- ASSIGNMENT -
Word for word, transcribe the listing that follows, minus any pictures.

_ _ _ _ _

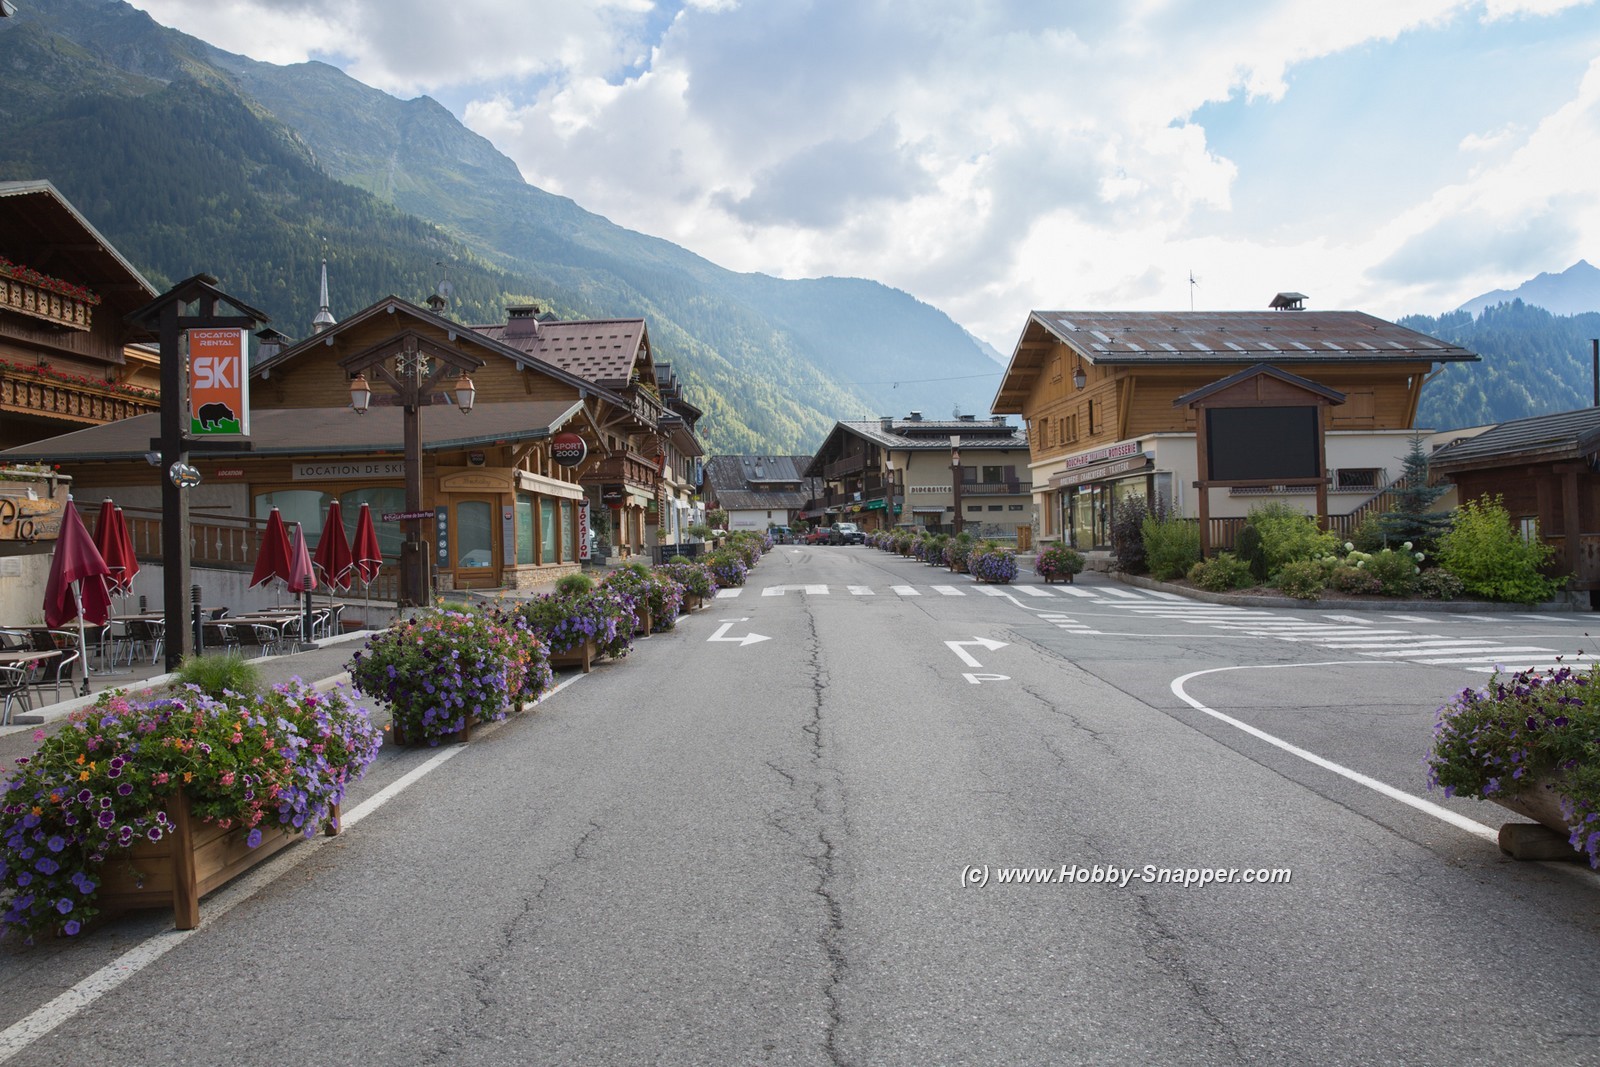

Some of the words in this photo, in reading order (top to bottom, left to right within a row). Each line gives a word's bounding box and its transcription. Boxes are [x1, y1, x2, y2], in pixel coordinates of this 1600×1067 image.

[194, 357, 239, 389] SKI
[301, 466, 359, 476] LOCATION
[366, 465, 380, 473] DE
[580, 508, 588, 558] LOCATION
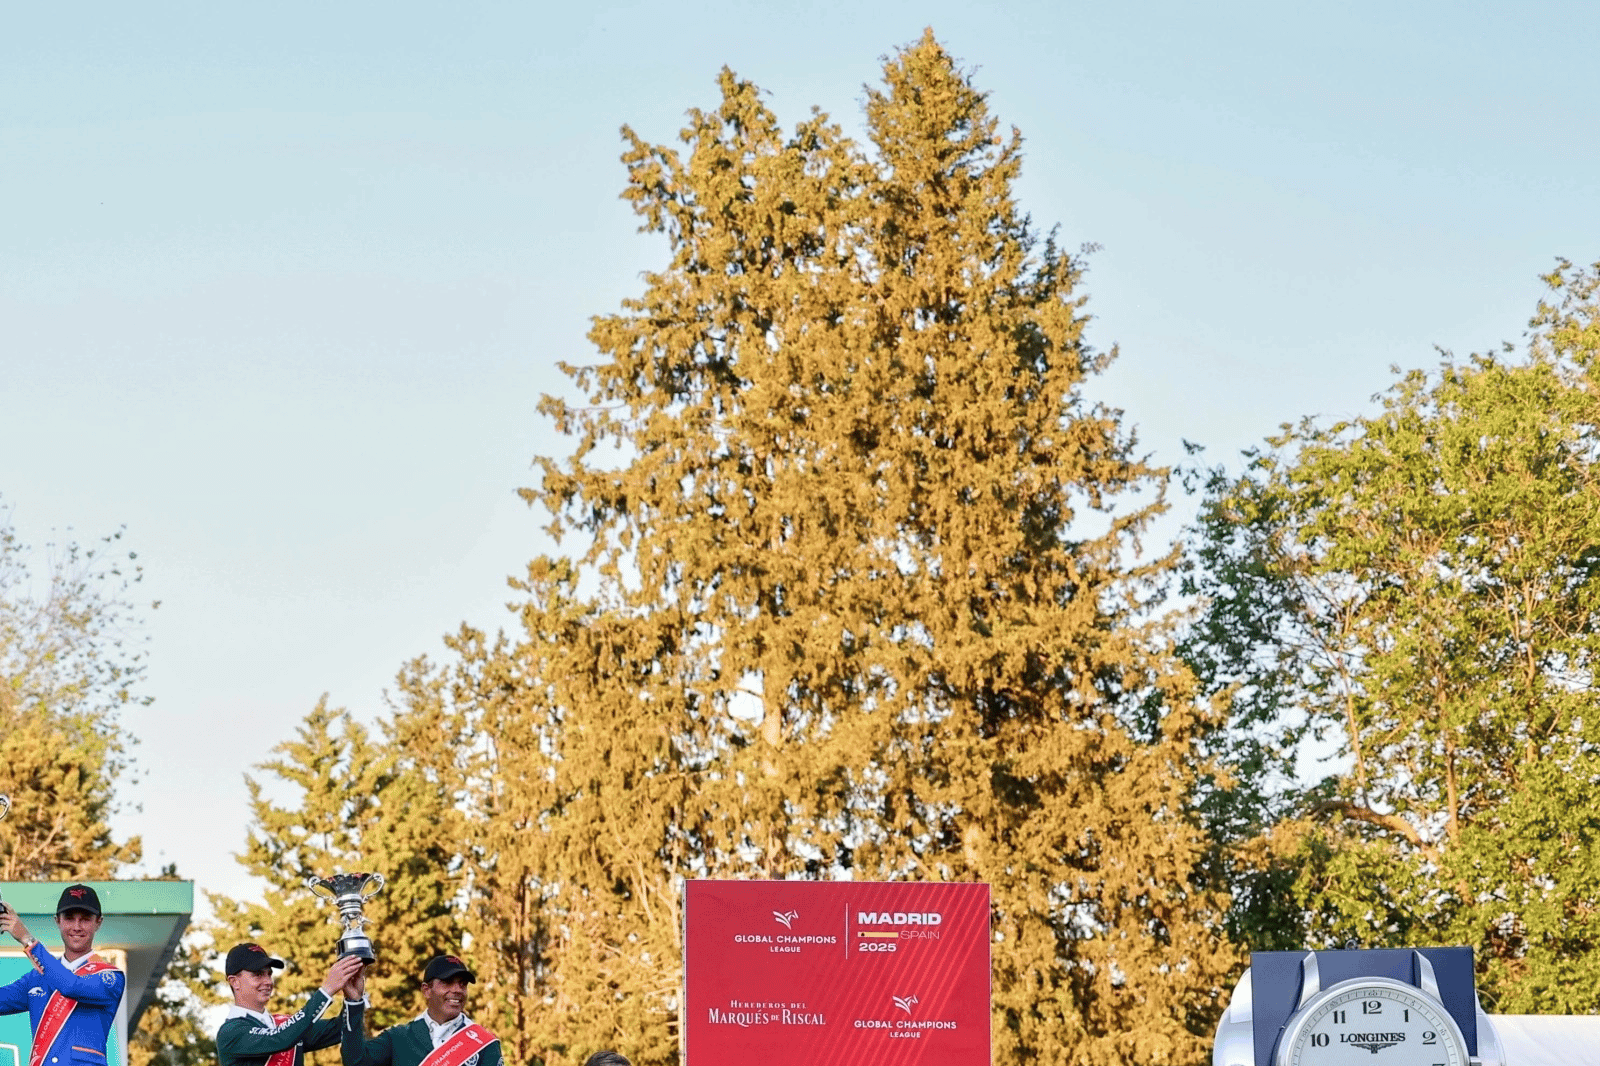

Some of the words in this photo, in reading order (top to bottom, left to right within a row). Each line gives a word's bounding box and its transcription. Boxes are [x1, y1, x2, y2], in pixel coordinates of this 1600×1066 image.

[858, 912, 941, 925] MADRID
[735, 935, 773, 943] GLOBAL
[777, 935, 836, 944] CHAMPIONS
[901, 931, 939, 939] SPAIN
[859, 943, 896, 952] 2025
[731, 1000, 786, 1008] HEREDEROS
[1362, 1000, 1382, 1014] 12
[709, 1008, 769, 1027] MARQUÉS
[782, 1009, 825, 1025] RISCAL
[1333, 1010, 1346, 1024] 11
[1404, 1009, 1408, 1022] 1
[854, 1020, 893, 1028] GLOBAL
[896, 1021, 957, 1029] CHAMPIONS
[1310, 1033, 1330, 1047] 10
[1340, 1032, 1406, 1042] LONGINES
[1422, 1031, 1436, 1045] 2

_ _ _ _ _

- WRITTEN ANSWER -
Some of the words in this photo, in reading order (top to bottom, left to right within a row). Each line gives a word's bounding box and its transcription. Boxes are [x1, y1, x2, y2], in pixel coordinates of this 1600×1067 image.

[194, 357, 239, 389] SKI
[301, 466, 359, 476] LOCATION
[366, 465, 380, 473] DE
[580, 508, 588, 558] LOCATION

Some of the words in this photo, in reading order (top to bottom, left to right within a row). Each line gives a word's bounding box and its transcription. Boxes are [x1, y1, x2, y2], in pixel coordinates of this 1600×1066 image.

[858, 912, 941, 925] MADRID
[735, 935, 773, 943] GLOBAL
[777, 935, 836, 944] CHAMPIONS
[901, 931, 939, 939] SPAIN
[859, 943, 896, 952] 2025
[731, 1000, 786, 1008] HEREDEROS
[1362, 1000, 1382, 1014] 12
[709, 1008, 769, 1027] MARQUÉS
[782, 1009, 825, 1025] RISCAL
[1333, 1010, 1346, 1024] 11
[1404, 1009, 1408, 1022] 1
[854, 1020, 893, 1028] GLOBAL
[896, 1021, 957, 1029] CHAMPIONS
[1310, 1033, 1330, 1047] 10
[1340, 1032, 1406, 1042] LONGINES
[1422, 1031, 1436, 1045] 2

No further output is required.